- [Task details] Every line of the listing below should be written out exactly, minus its pictures.

- [Records for the task]
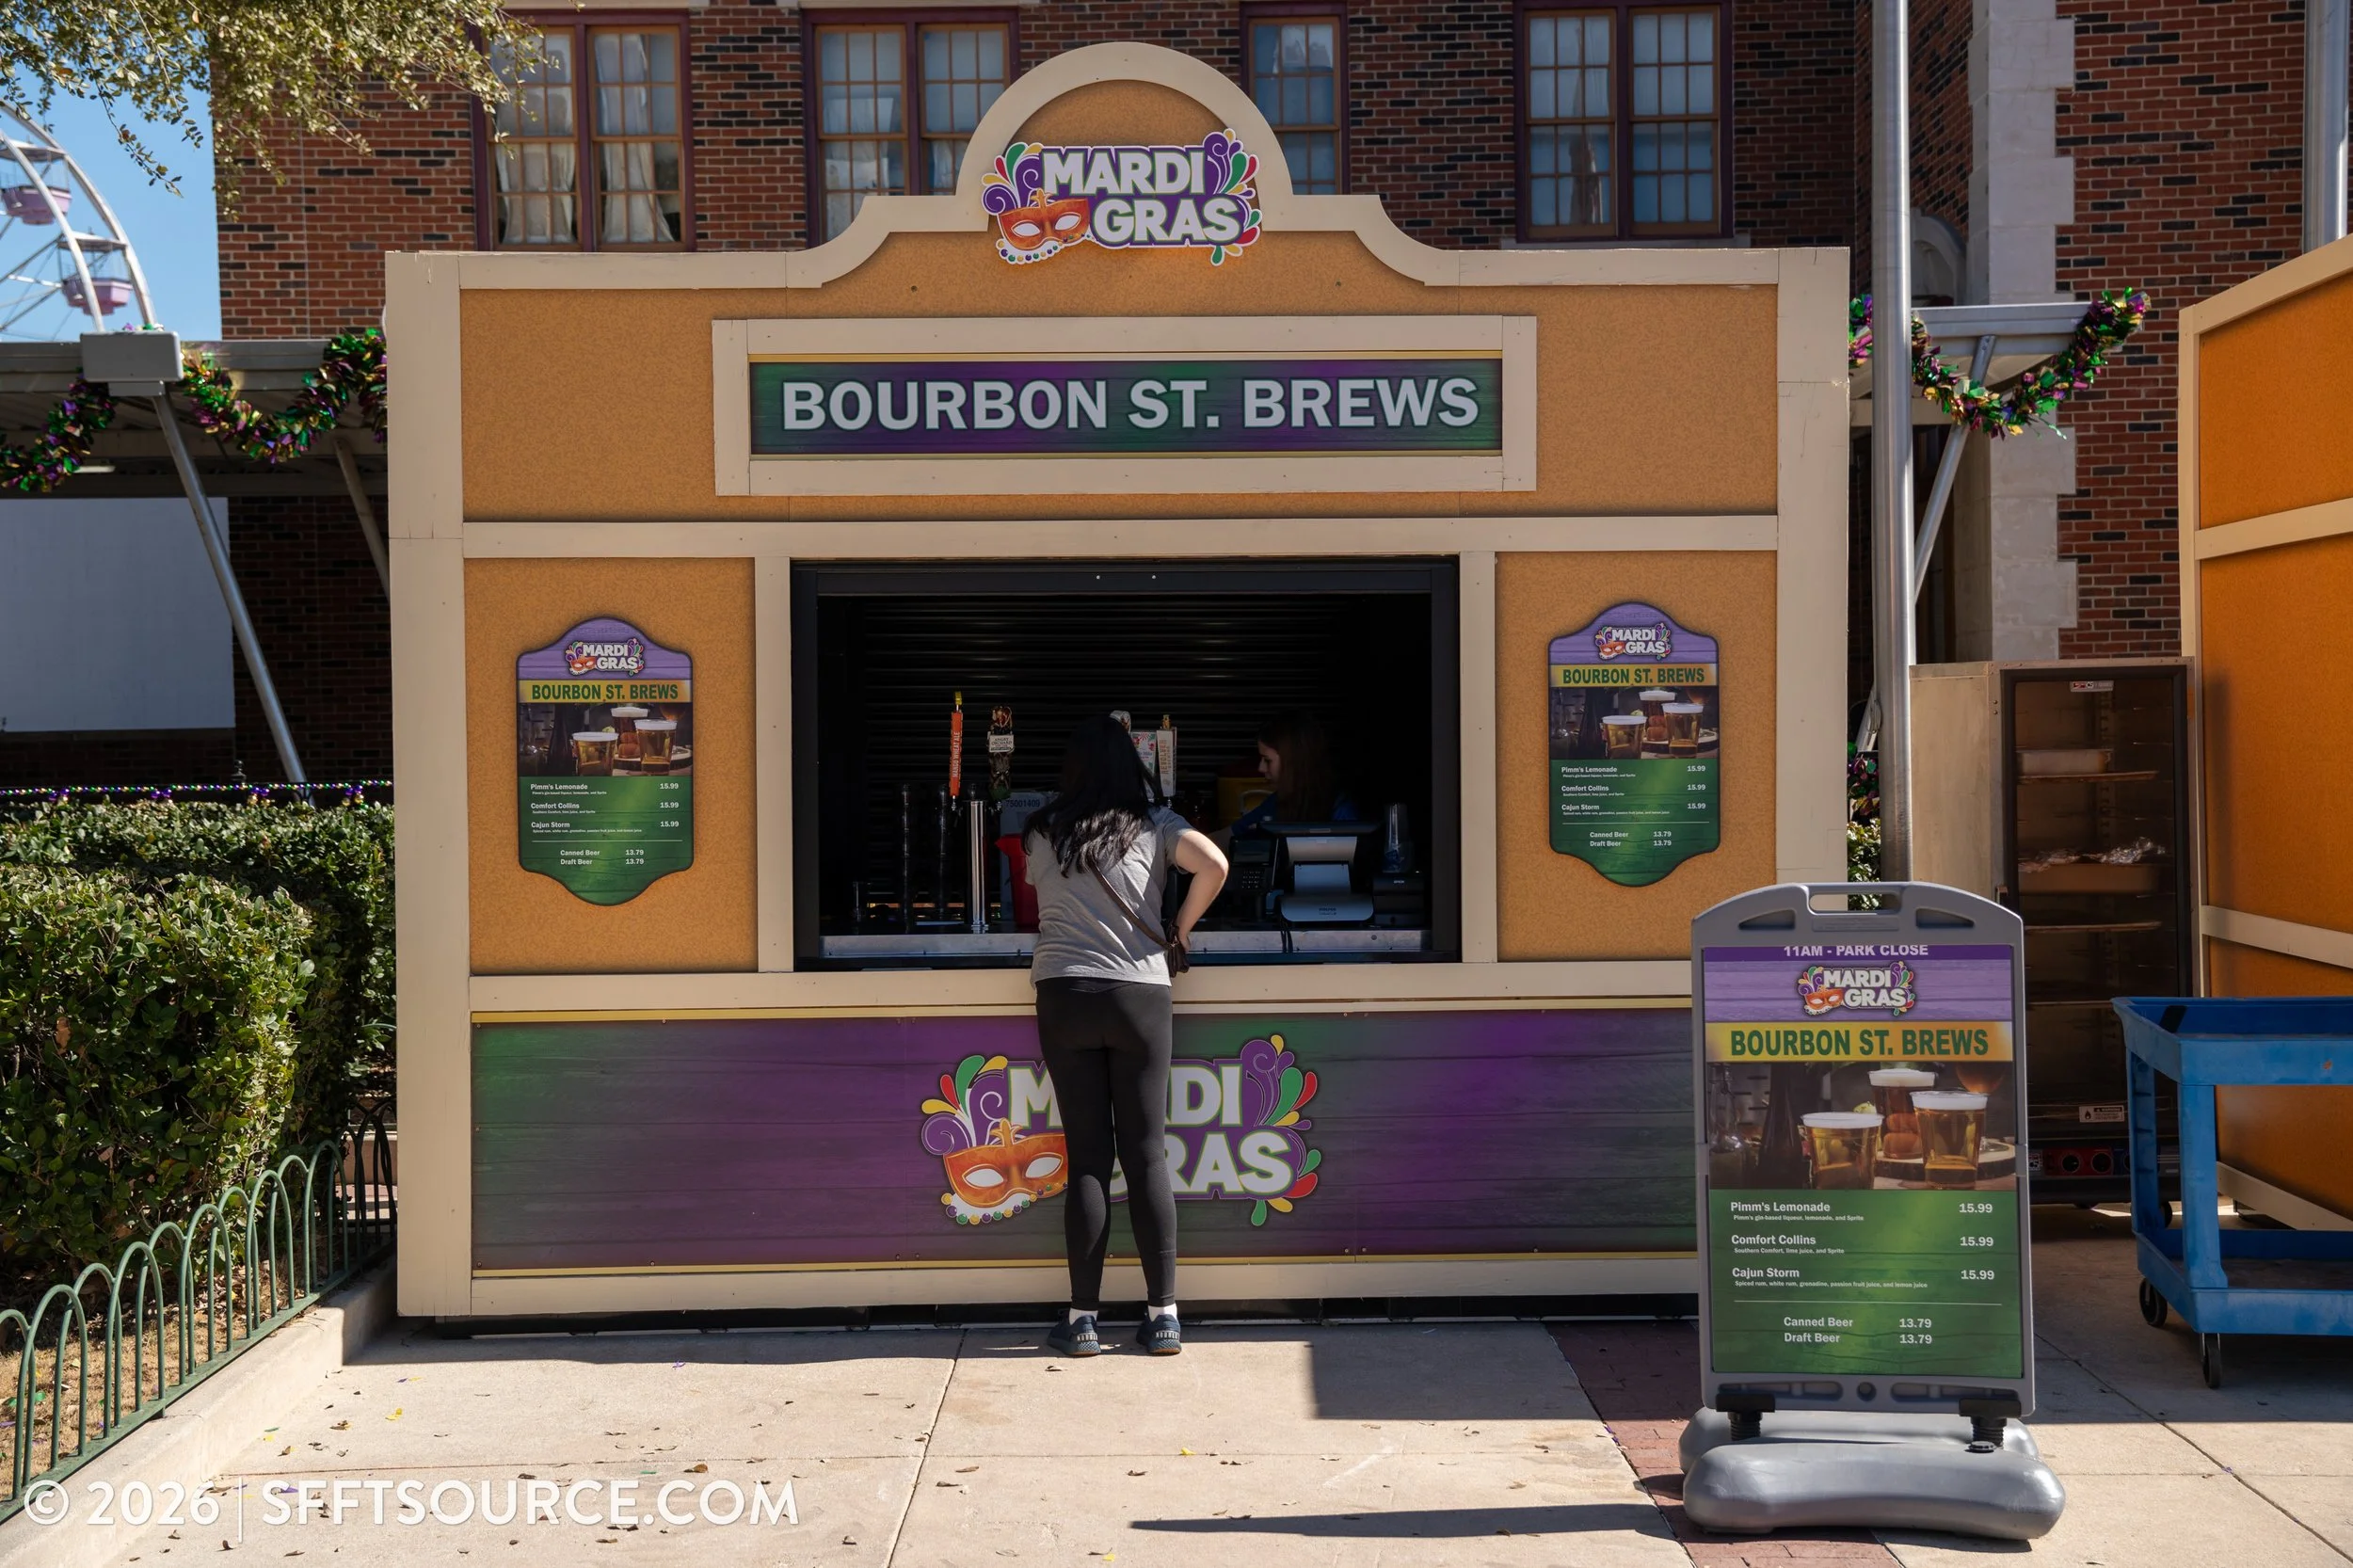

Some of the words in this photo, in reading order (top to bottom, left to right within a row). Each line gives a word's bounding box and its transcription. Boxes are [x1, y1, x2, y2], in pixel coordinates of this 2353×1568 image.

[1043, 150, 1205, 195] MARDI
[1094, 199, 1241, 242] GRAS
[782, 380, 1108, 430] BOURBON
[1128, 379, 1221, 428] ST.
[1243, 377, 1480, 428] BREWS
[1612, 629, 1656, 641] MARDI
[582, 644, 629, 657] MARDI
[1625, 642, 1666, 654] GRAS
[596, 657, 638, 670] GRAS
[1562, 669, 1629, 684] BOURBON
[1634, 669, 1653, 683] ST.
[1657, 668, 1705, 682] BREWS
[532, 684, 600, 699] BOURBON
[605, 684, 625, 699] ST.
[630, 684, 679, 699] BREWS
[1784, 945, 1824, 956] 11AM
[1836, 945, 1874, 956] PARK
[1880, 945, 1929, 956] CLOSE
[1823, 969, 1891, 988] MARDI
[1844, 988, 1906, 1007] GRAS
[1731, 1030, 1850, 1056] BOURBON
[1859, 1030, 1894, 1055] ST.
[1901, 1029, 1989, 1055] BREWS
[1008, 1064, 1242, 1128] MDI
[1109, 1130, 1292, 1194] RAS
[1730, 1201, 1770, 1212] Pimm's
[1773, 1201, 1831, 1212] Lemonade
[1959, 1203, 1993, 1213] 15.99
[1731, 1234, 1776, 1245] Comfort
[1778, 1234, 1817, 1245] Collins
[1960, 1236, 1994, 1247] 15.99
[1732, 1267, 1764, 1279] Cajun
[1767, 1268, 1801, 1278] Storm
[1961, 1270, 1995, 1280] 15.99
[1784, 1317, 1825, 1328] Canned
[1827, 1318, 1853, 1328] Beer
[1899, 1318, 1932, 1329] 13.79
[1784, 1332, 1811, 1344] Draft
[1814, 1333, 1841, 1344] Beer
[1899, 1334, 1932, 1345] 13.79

- [Finished exercise]
Some of the words in this photo, in reading order (top to bottom, left to right within a row). Each line gives a word's bounding box and its transcription. Boxes are [x1, y1, x2, y2], in pixel coordinates of this 2353×1568 image.

[1043, 150, 1205, 195] MARDI
[1094, 199, 1241, 242] GRAS
[782, 380, 1108, 430] BOURBON
[1128, 379, 1221, 428] ST.
[1243, 377, 1480, 428] BREWS
[1612, 629, 1656, 641] MARDI
[582, 644, 629, 657] MARDI
[1625, 642, 1666, 654] GRAS
[596, 657, 638, 670] GRAS
[1562, 669, 1629, 684] BOURBON
[1634, 669, 1653, 683] ST.
[1657, 668, 1705, 682] BREWS
[532, 684, 600, 699] BOURBON
[605, 684, 625, 699] ST.
[630, 684, 679, 699] BREWS
[1784, 945, 1824, 956] 11AM
[1836, 945, 1874, 956] PARK
[1880, 945, 1929, 956] CLOSE
[1823, 969, 1891, 988] MARDI
[1844, 988, 1906, 1007] GRAS
[1731, 1030, 1850, 1056] BOURBON
[1859, 1030, 1894, 1055] ST.
[1901, 1029, 1989, 1055] BREWS
[1008, 1064, 1242, 1128] MDI
[1109, 1130, 1292, 1194] RAS
[1730, 1201, 1770, 1212] Pimm's
[1773, 1201, 1831, 1212] Lemonade
[1959, 1203, 1993, 1213] 15.99
[1731, 1234, 1776, 1245] Comfort
[1778, 1234, 1817, 1245] Collins
[1960, 1236, 1994, 1247] 15.99
[1732, 1267, 1764, 1279] Cajun
[1767, 1268, 1801, 1278] Storm
[1961, 1270, 1995, 1280] 15.99
[1784, 1317, 1825, 1328] Canned
[1827, 1318, 1853, 1328] Beer
[1899, 1318, 1932, 1329] 13.79
[1784, 1332, 1811, 1344] Draft
[1814, 1333, 1841, 1344] Beer
[1899, 1334, 1932, 1345] 13.79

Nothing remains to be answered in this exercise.